PROBLEM: Each record below is to be copied word for word, with pictures removed.

##### DATA EXTRACT

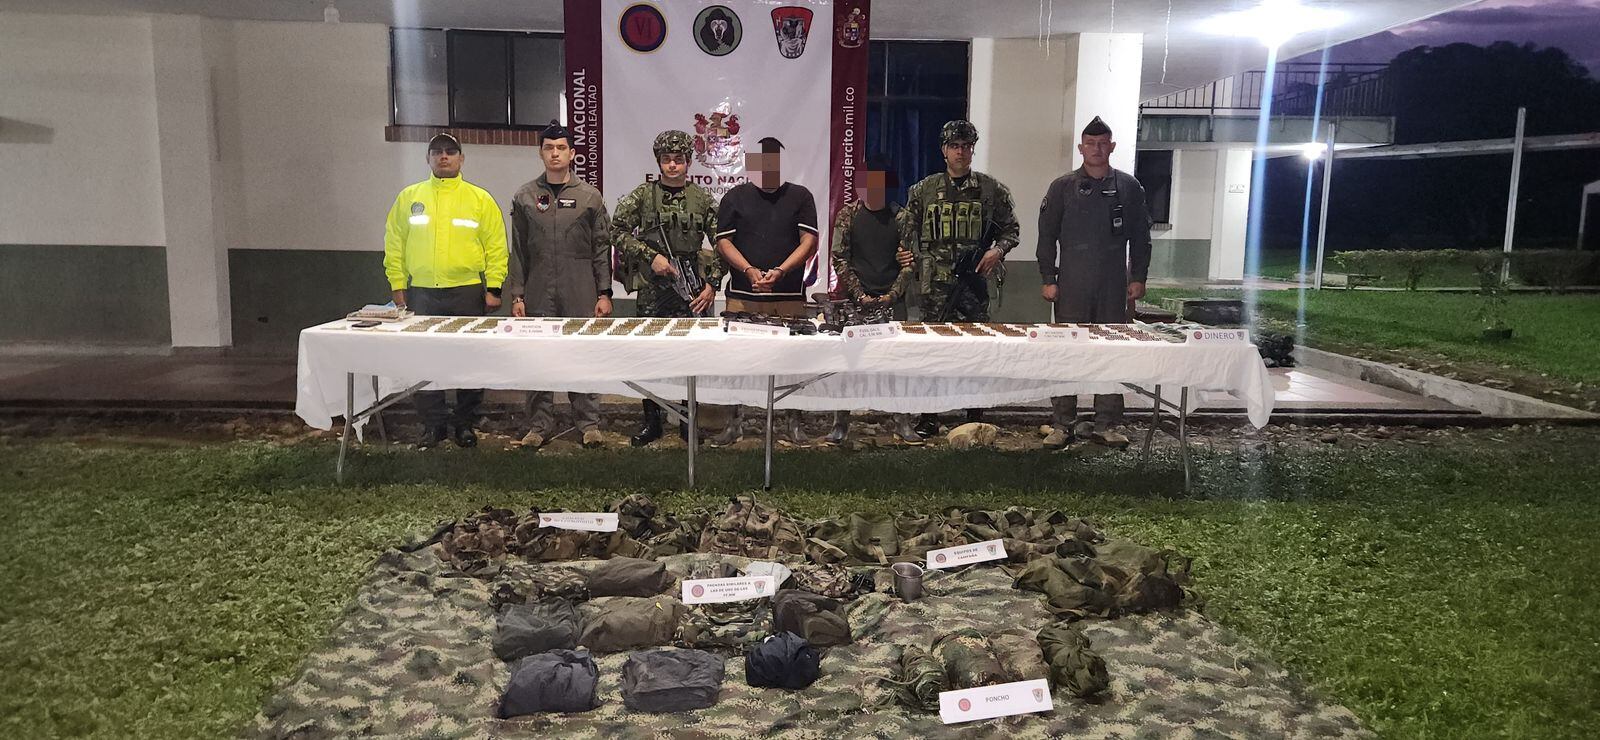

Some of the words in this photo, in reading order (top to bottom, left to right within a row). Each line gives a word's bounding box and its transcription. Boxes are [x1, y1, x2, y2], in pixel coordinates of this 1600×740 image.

[573, 68, 586, 146] NACIONAL
[587, 84, 597, 127] LEALTAD
[588, 129, 598, 168] HONOR
[588, 170, 598, 187] RIA
[1204, 332, 1235, 340] DINERO
[985, 694, 1010, 703] PONCHO

##########

EXERCISE ANSWER:
Some of the words in this photo, in reading order (top to bottom, left to right within a row). Each line gives a word's bounding box and its transcription. Boxes are [x1, y1, x2, y2], in pixel coordinates of this 1600×740 image.

[573, 68, 586, 146] NACIONAL
[587, 84, 597, 127] LEALTAD
[588, 129, 598, 168] HONOR
[588, 170, 598, 187] RIA
[1204, 332, 1235, 340] DINERO
[985, 694, 1010, 703] PONCHO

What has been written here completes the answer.